● **Task to complete**
Below is a block of entries, which should be copied verbatim apart from the pictures.
Start of Input data
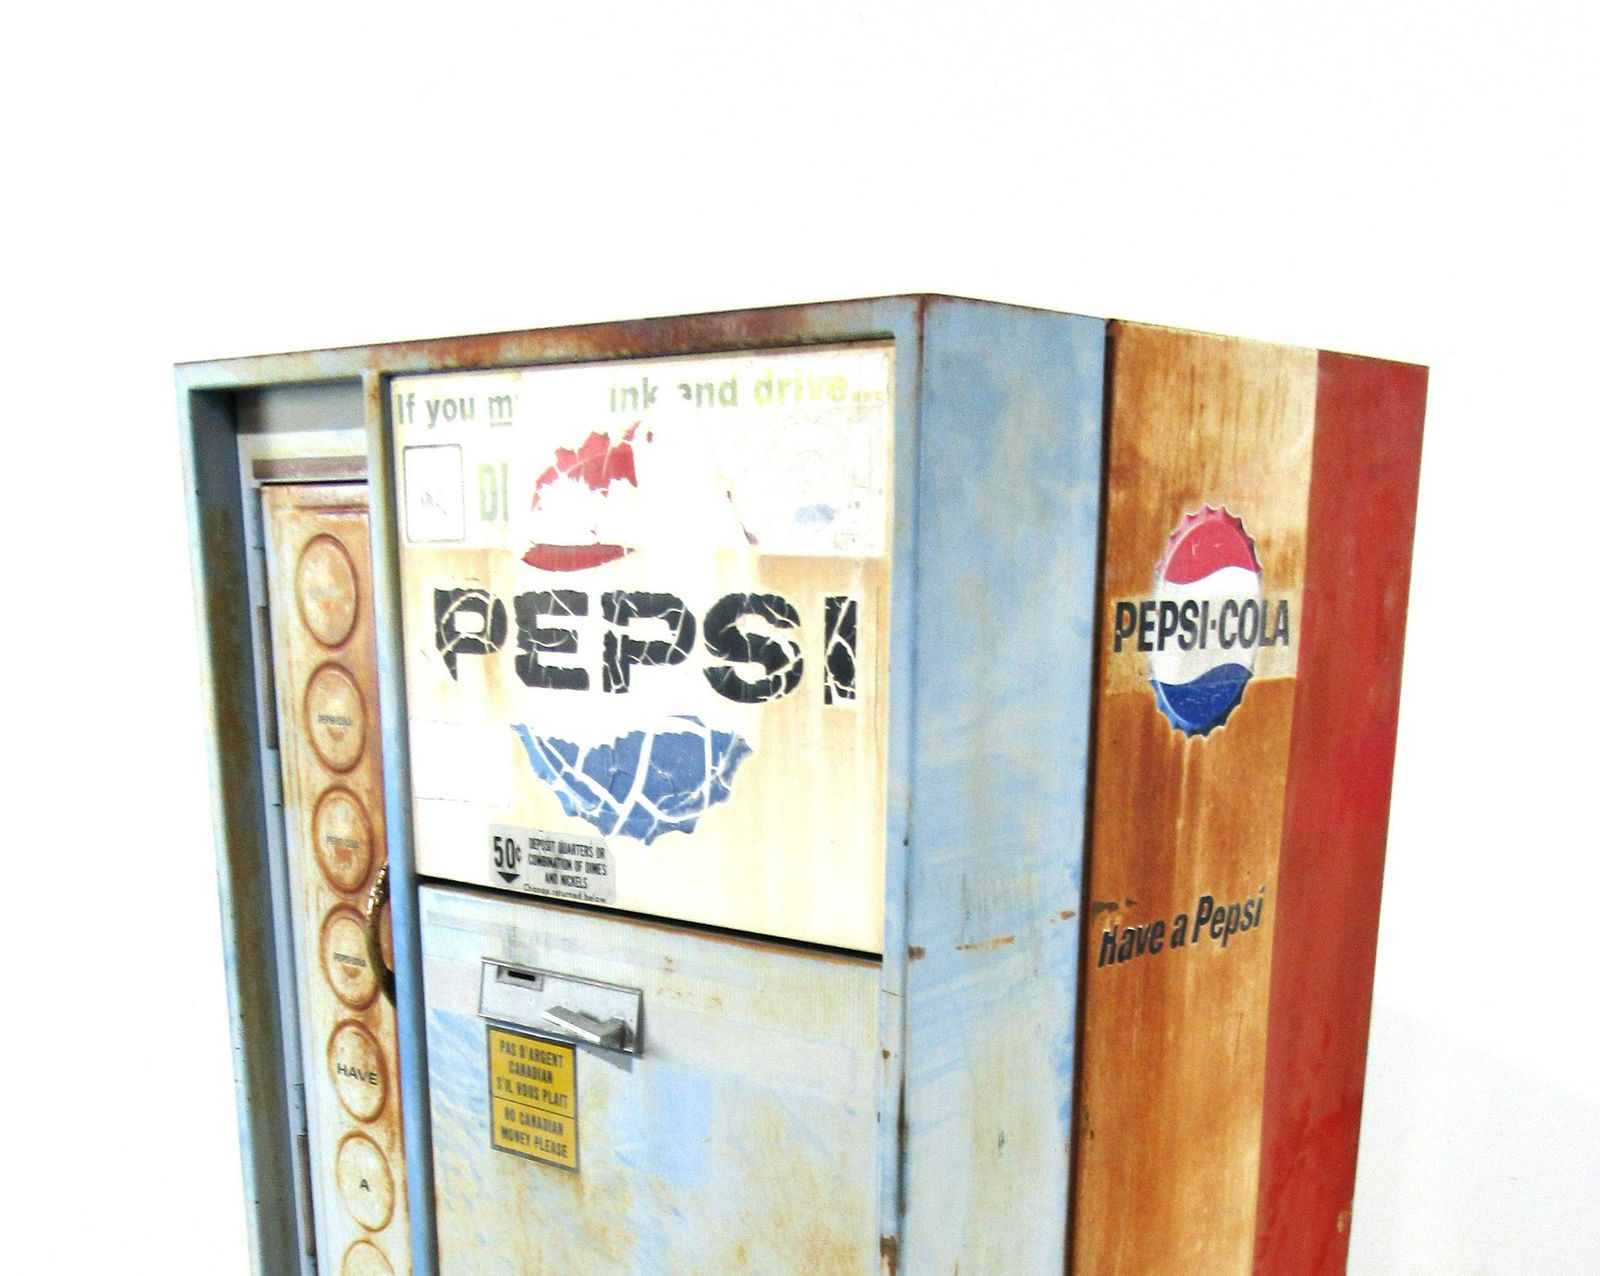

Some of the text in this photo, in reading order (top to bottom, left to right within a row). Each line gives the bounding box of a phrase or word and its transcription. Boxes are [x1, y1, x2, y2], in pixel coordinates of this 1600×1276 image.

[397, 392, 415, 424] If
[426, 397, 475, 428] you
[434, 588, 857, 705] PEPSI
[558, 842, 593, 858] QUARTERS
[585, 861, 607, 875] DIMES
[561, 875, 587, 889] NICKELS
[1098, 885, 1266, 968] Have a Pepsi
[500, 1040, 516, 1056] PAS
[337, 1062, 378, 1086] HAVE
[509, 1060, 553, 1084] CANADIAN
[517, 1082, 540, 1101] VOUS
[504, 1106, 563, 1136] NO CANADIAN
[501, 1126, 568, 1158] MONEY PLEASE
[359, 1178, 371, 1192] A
End of Input data
● **Answer to the problem**
Some of the text in this photo, in reading order (top to bottom, left to right within a row). Each line gives the bounding box of a phrase or word and its transcription. Boxes are [x1, y1, x2, y2], in pixel coordinates of this 1600×1276 image.

[397, 392, 415, 424] If
[426, 397, 475, 428] you
[434, 588, 857, 705] PEPSI
[558, 842, 593, 858] QUARTERS
[585, 861, 607, 875] DIMES
[561, 875, 587, 889] NICKELS
[1098, 885, 1266, 968] Have a Pepsi
[500, 1040, 516, 1056] PAS
[337, 1062, 378, 1086] HAVE
[509, 1060, 553, 1084] CANADIAN
[517, 1082, 540, 1101] VOUS
[504, 1106, 563, 1136] NO CANADIAN
[501, 1126, 568, 1158] MONEY PLEASE
[359, 1178, 371, 1192] A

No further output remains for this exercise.